Neues Organspendergesetz: Wer zu Lebzeiten nicht widerspricht, dem dürfen Organe entnommen werden

Mehrere Bundesländer forderten die Bundesregierung auf, ein neues Gesetz für Organspender vorzulegen. Demnach sollen alle hirntoten Patienten automatisch zu Organspendern werden, sofern sie zuvor nicht ausdrücklich widersprechen würden.

Ein neues Organspendegesetz über die sogenannte "Widerspruchslösung" beantragten Nordrhein-Westfalen, Baden-Württemberg und Hessen am Freitag im Bundesrat. Nach einem Bericht des Ärzteblatts vom Freitag wollten die drei Bundesländer damit die Zahl der Organspenden erhöhen.

Nach aktueller Rechtslage können einem Verstorbenen Organe nur entnommen werden, wenn er sich damit zu Lebzeiten einverstanden erklärt hat. Dies muss auch schriftlich vorliegen. Bei fehlender Erklärung könnten allerdings auch jetzt schon die Angehörigen des Verstorbenen "in seinem Sinne zustimmen", erläuterte das Ärzteblatt das geltende Recht.  

Die geltende Lösung sei allerdings gescheitert, habe der Gesundheitsminister von Nordrhein-Westfalen, Karl-Josef Laumann, erklärt. Nach seiner Auffassung wäre die Zahl der bereitwilligen Spender viel zu niedrig. Zurzeit warteten in der Bundesrepublik 8.500 Patienten auf eine Organspende. Die Zahl der Bundesbürgerbürger mit Spenderausweis nannte das Ärzteblatt nicht. Jedenfalls sei die Anzahl für Laumann "nicht akzeptabel". Ganz ähnlich sehe das der baden-württembergische Gesundheitsminister Manfred Lucha von den Grünen: Die Zahl der Organspenden würden seit zehn Jahren auf einem "beschämend niedrigen Niveau" stagnieren.

Kai Klose, grüner Gesundheitsminister in Hessen, wies auf den Widerspruch zwischen der nach seiner Bewertung hohen Spendenbereitschaft und dem tatsächlichen niedrigen Organspendenergebnis hin. Weil die Menschen ihm zufolge ja schließlich bereit seien, Organe zu spenden, brauche man laut Klose eine neue Regelung. Diesbezüglich fordere der grüne Minister auch zeitgleich ein Zentralregister für Organspenden und insgesamt "bessere Strukturen".

Bereits im Jahr 2020 habe der Bundestag über ein Gesetzesvorhaben zur Verstärkung der Organspenden entschieden. Der entsprechende konkrete Gesetzesentwurf habe aber zu der Zeit keine Mehrheit gefunden. Bundesgesundheitsminister Karl Lauterbach, der das Gesetz schon 2020 unterstützt habe, begrüße nun die neue Länderinitiative, so das Ärzteblatt. Die Fachausschüsse würden bereits über die neue Gesetzesvorlage mit der Widerspruchslösung beraten.
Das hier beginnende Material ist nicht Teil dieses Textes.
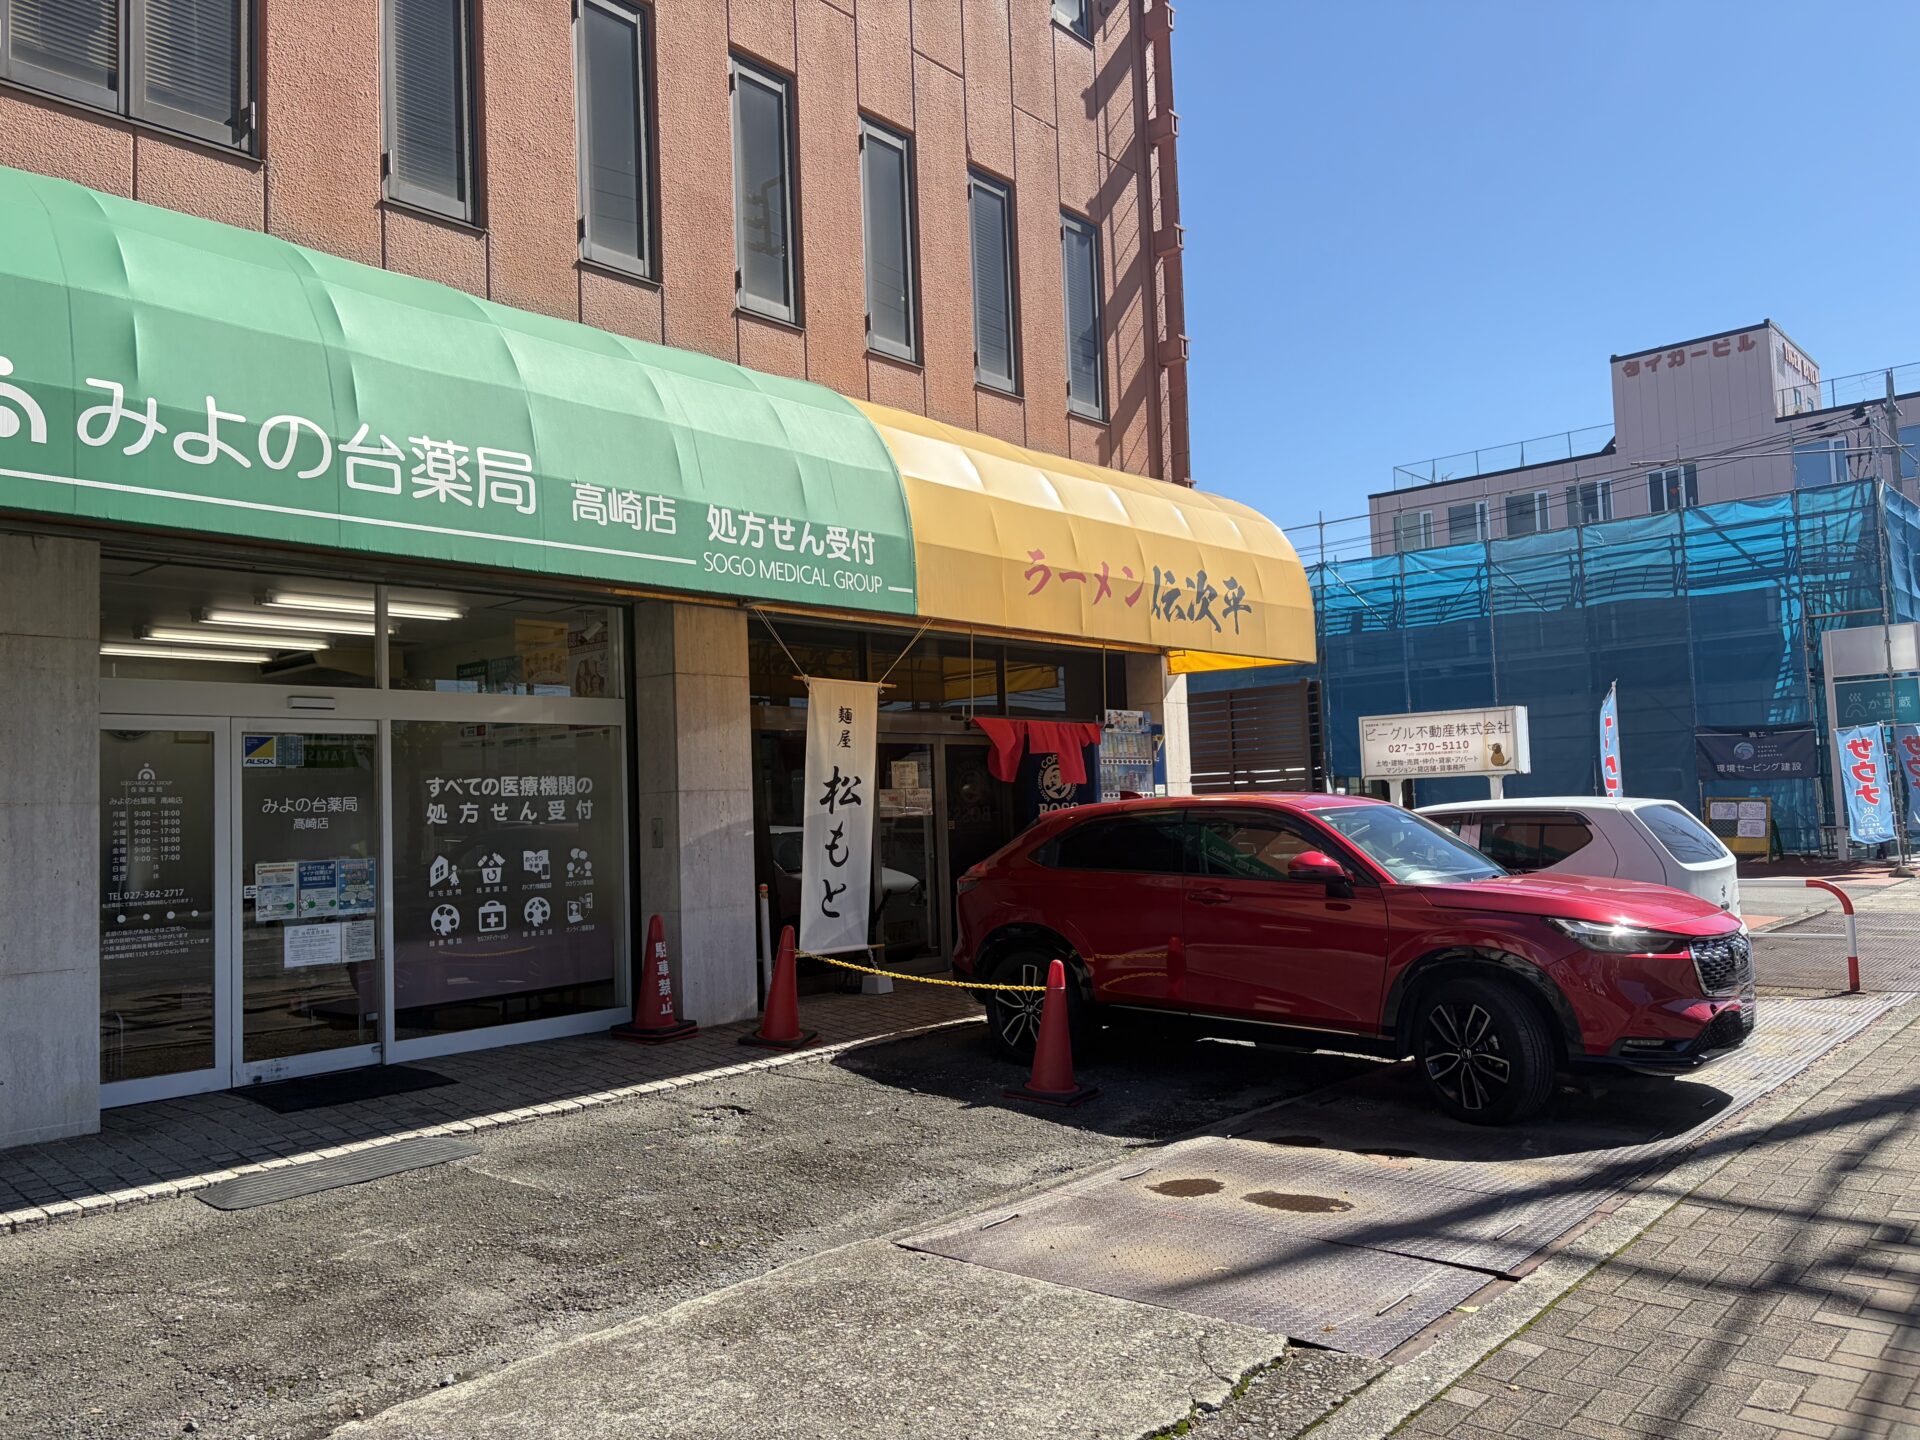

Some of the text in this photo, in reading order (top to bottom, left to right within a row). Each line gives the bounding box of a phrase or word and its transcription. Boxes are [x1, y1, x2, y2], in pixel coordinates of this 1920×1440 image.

Seit dem Krieg in der Ukraine mehren sich Berichte, wonach mit den Organen der in der Ukraine gefallenen Soldaten Handel betrieben würde, unter anderem auch in Deutschland. Der Frage, wofür man heutzutage überhaupt so viele Organe benötigt, wird in dieser Debatte zu wenig Aufmerksamkeit gewidmet.